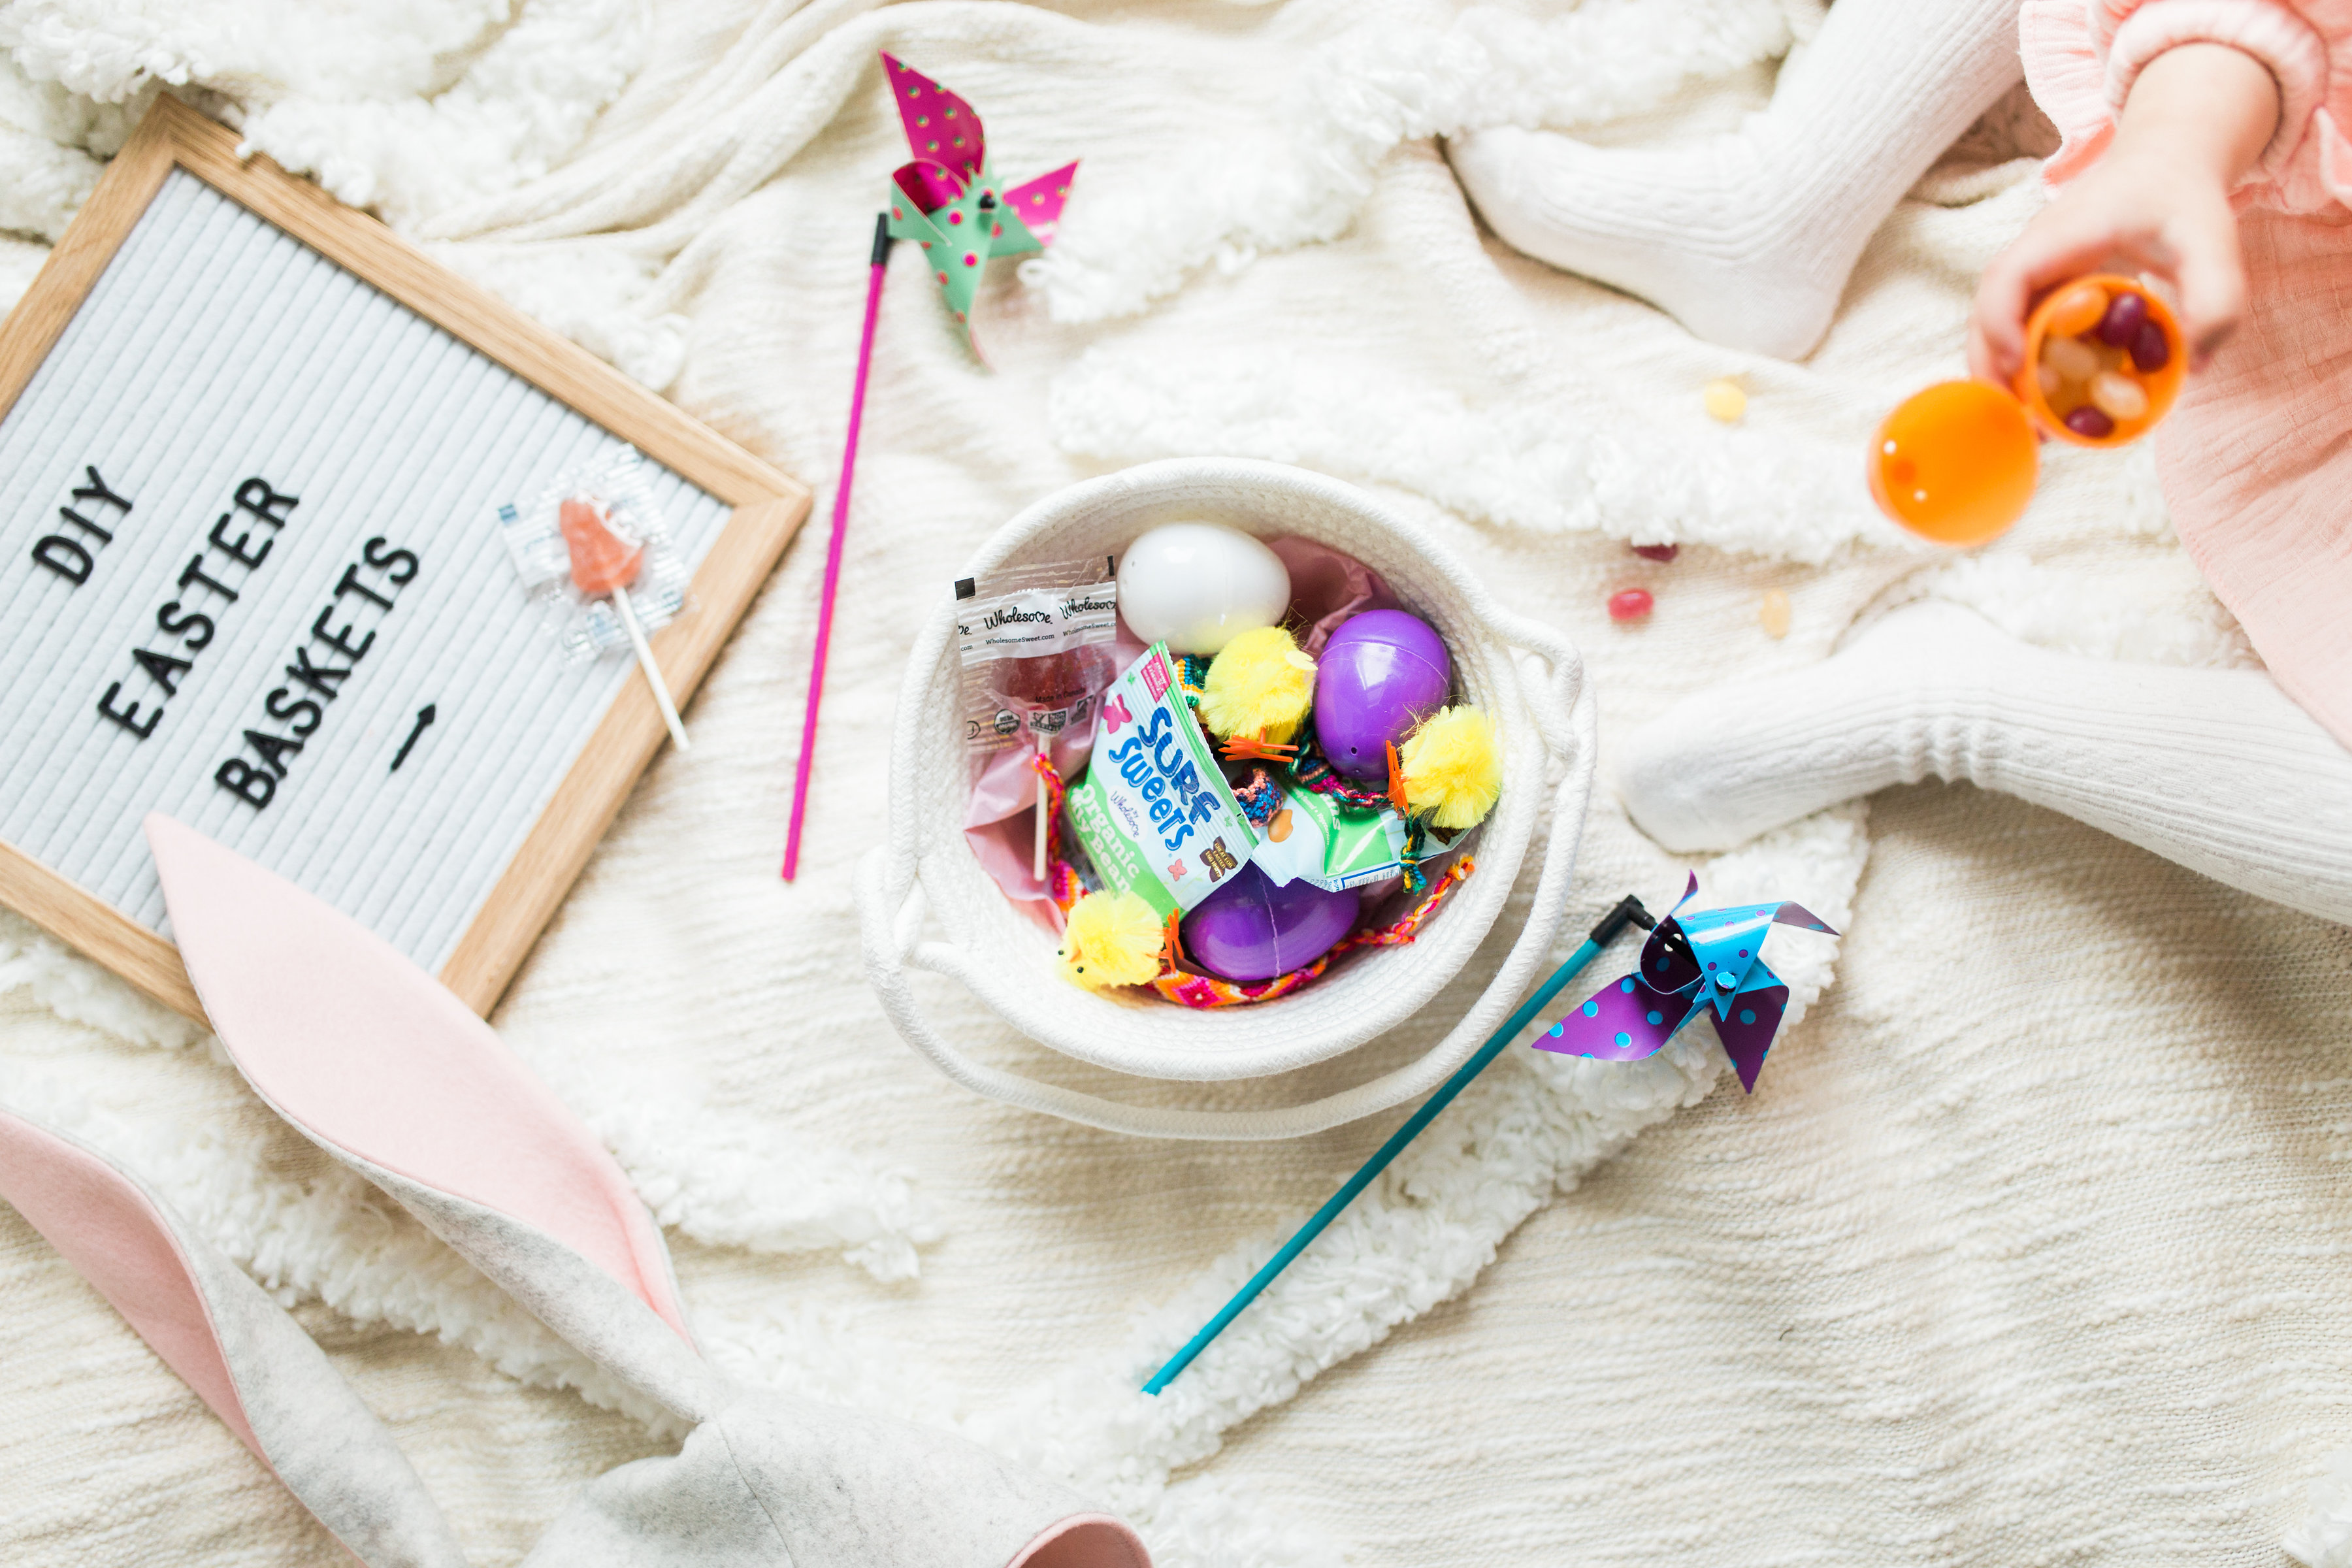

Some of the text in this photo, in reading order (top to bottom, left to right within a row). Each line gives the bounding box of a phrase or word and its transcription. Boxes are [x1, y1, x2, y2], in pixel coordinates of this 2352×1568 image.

[31, 465, 133, 586] DIY
[97, 478, 300, 739] EASTER
[984, 606, 1052, 630] Wholesome
[986, 633, 1054, 645] WholesomeSweet.com
[1060, 596, 1116, 620] Wholesom
[214, 536, 419, 810] BASKETS
[1072, 783, 1140, 879] Organic
[1110, 790, 1139, 838] Wholesome
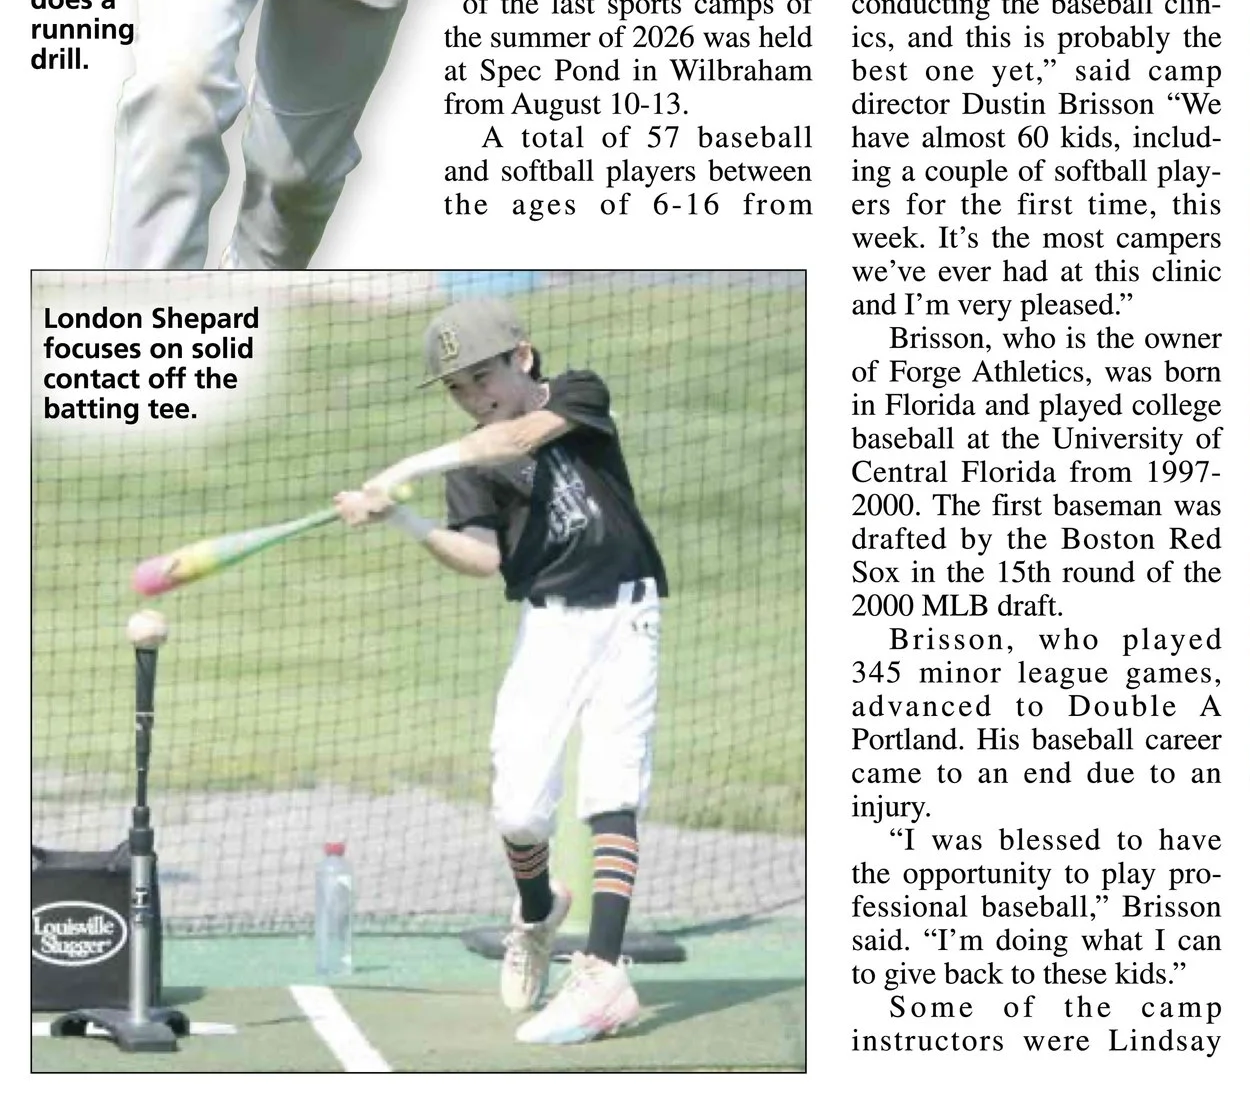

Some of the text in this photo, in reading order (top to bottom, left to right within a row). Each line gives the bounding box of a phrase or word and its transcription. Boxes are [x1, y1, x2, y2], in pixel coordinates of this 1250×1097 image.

[31, 17, 134, 46] running
[30, 47, 89, 70] drill.
[444, 58, 813, 88] at Spec Pond in Wilbraham
[443, 91, 689, 122] from August 10-13.
[851, 91, 1222, 115] director Dustin Brisson “We
[443, 192, 813, 222] the ages of 6-16 from
[44, 306, 259, 335] London Shepard
[43, 336, 253, 359] focuses on solid
[43, 366, 238, 389] contact off the
[44, 396, 197, 425] batting tee.
[851, 392, 1222, 423] in Florida and played college
[851, 459, 1221, 484] Central Florida from 1997-
[851, 593, 1063, 617] 2000 MLB draft.
[851, 794, 931, 824] injury.
[851, 894, 1222, 922] fessional baseball,” Brisson
[33, 914, 115, 936] Louisville
[40, 934, 107, 958] Slugger
[851, 1028, 1222, 1058] instructors were Lindsay
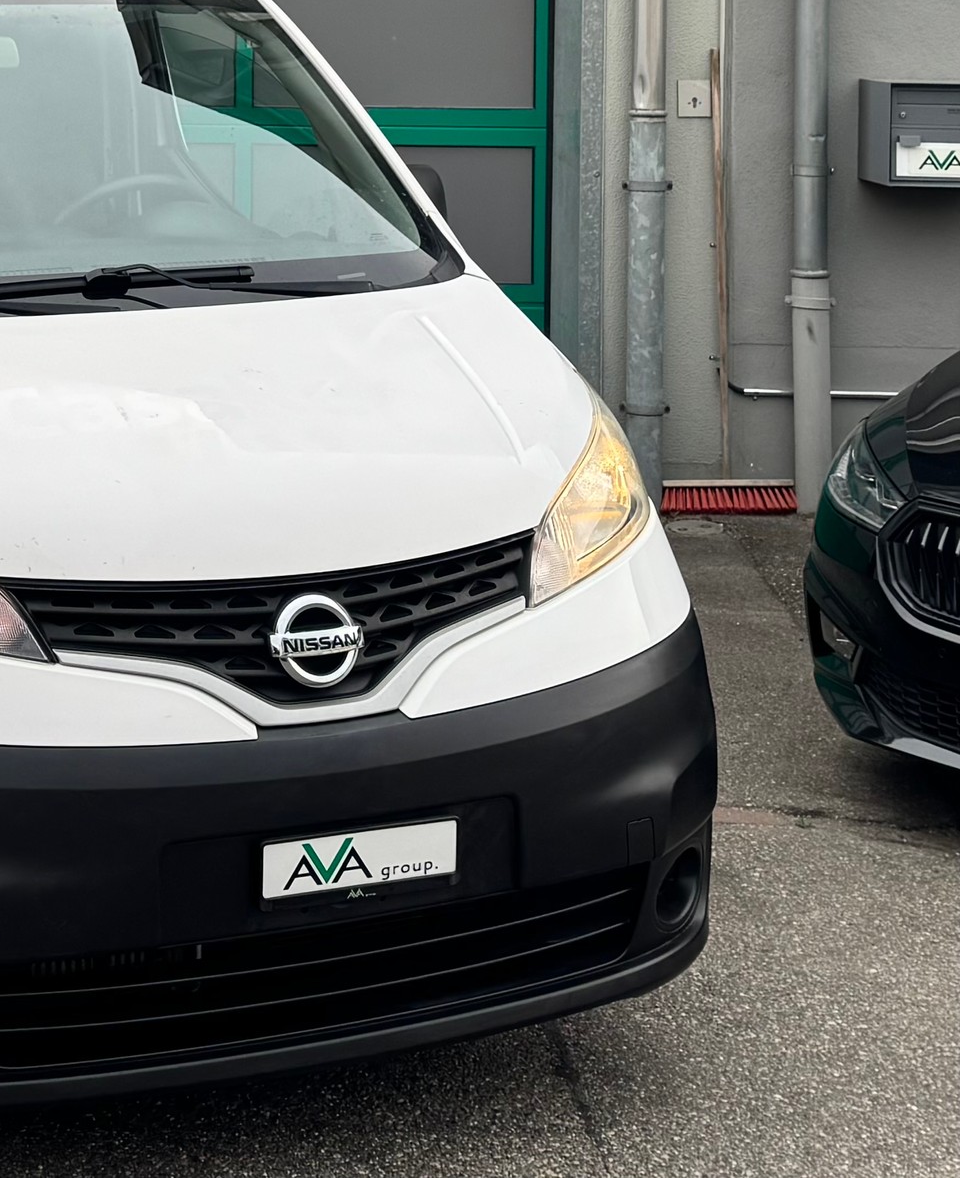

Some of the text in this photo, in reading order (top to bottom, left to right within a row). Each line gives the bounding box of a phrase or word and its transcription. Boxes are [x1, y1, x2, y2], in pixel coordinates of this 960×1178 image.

[918, 149, 960, 171] AVA
[282, 631, 357, 654] NISSAN
[282, 836, 439, 891] AVA group.
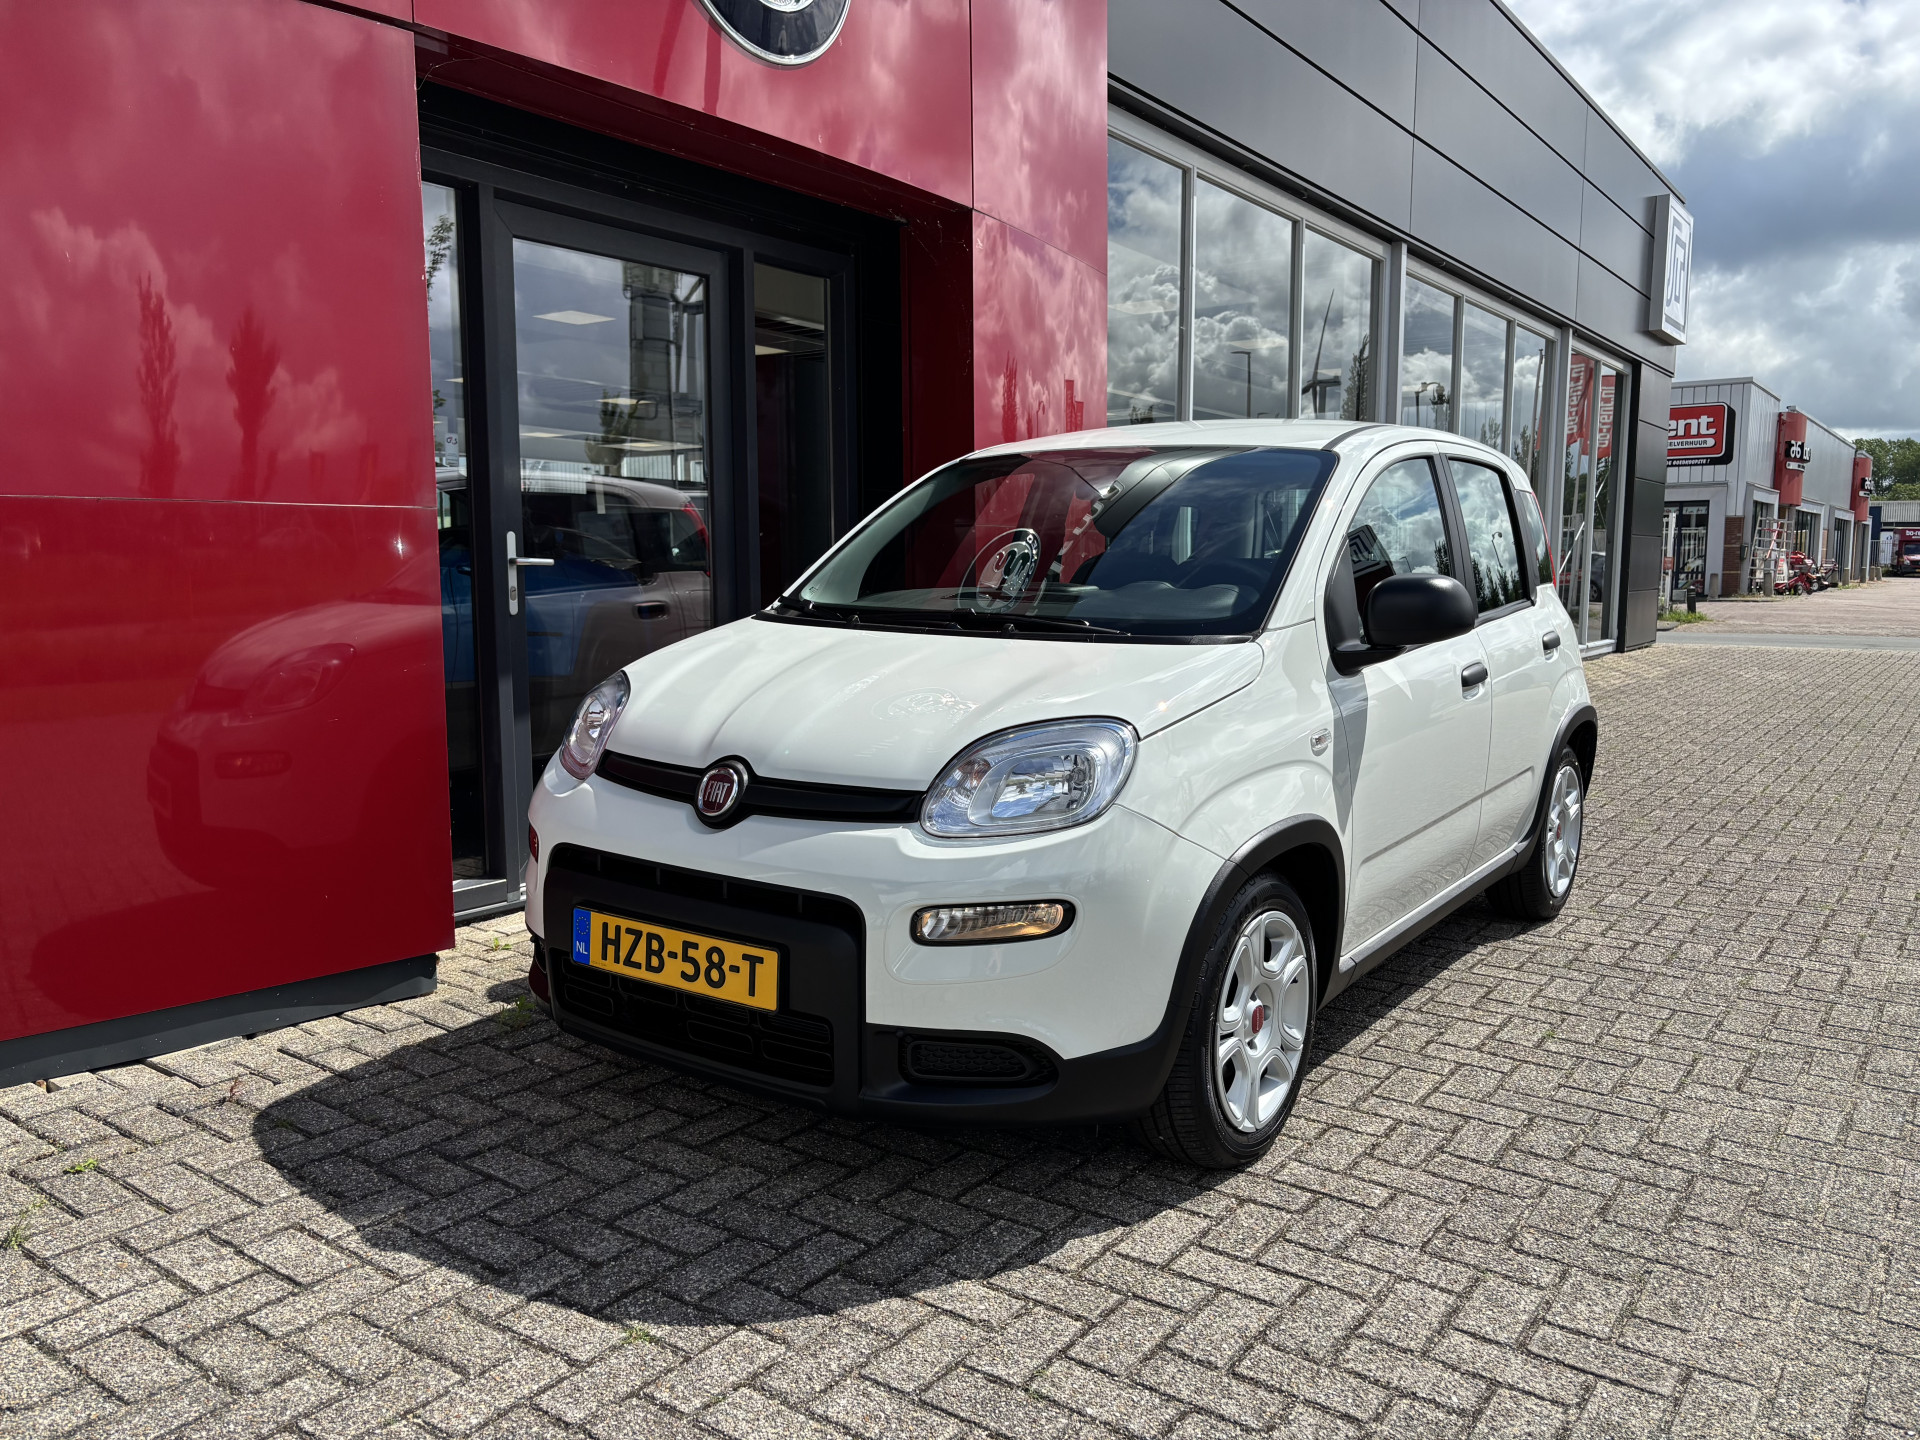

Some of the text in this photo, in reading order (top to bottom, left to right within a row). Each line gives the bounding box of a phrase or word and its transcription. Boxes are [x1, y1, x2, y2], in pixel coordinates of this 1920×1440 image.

■ Problem
Leave the pictures out. Otherwise, output the listing above exactly.

■ Response
Some of the text in this photo, in reading order (top to bottom, left to right within a row). Each line gives the bounding box of a phrase or word and its transcription. Boxes are [x1, y1, x2, y2], in pixel coordinates of this 2352×1568 image.

[31, 465, 133, 586] DIY
[97, 478, 300, 739] EASTER
[984, 606, 1052, 630] Wholesome
[986, 633, 1054, 645] WholesomeSweet.com
[1060, 596, 1116, 620] Wholesom
[214, 536, 419, 810] BASKETS
[1072, 783, 1140, 879] Organic
[1110, 790, 1139, 838] Wholesome

Some of the text in this photo, in reading order (top to bottom, left to right within a row). Each line gives the bounding box of a phrase or word and its transcription. Boxes are [x1, y1, x2, y2], in pixel coordinates of this 1250×1097 image.

[31, 17, 134, 46] running
[30, 47, 89, 70] drill.
[444, 58, 813, 88] at Spec Pond in Wilbraham
[443, 91, 689, 122] from August 10-13.
[851, 91, 1222, 115] director Dustin Brisson “We
[443, 192, 813, 222] the ages of 6-16 from
[44, 306, 259, 335] London Shepard
[43, 336, 253, 359] focuses on solid
[43, 366, 238, 389] contact off the
[44, 396, 197, 425] batting tee.
[851, 392, 1222, 423] in Florida and played college
[851, 459, 1221, 484] Central Florida from 1997-
[851, 593, 1063, 617] 2000 MLB draft.
[851, 794, 931, 824] injury.
[851, 894, 1222, 922] fessional baseball,” Brisson
[33, 914, 115, 936] Louisville
[40, 934, 107, 958] Slugger
[851, 1028, 1222, 1058] instructors were Lindsay

Some of the text in this photo, in reading order (top to bottom, left to right within a row). Each line gives the bounding box of a phrase or word and its transcription. Boxes are [x1, y1, x2, y2], in pixel coordinates of this 960×1178 image.

[918, 149, 960, 171] AVA
[282, 631, 357, 654] NISSAN
[282, 836, 439, 891] AVA group.

Some of the text in this photo, in reading order (top to bottom, left to right within a row). Each line gives the bounding box of a phrase or word and its transcription. Boxes are [x1, y1, x2, y2], in pixel coordinates of this 1920×1440 image.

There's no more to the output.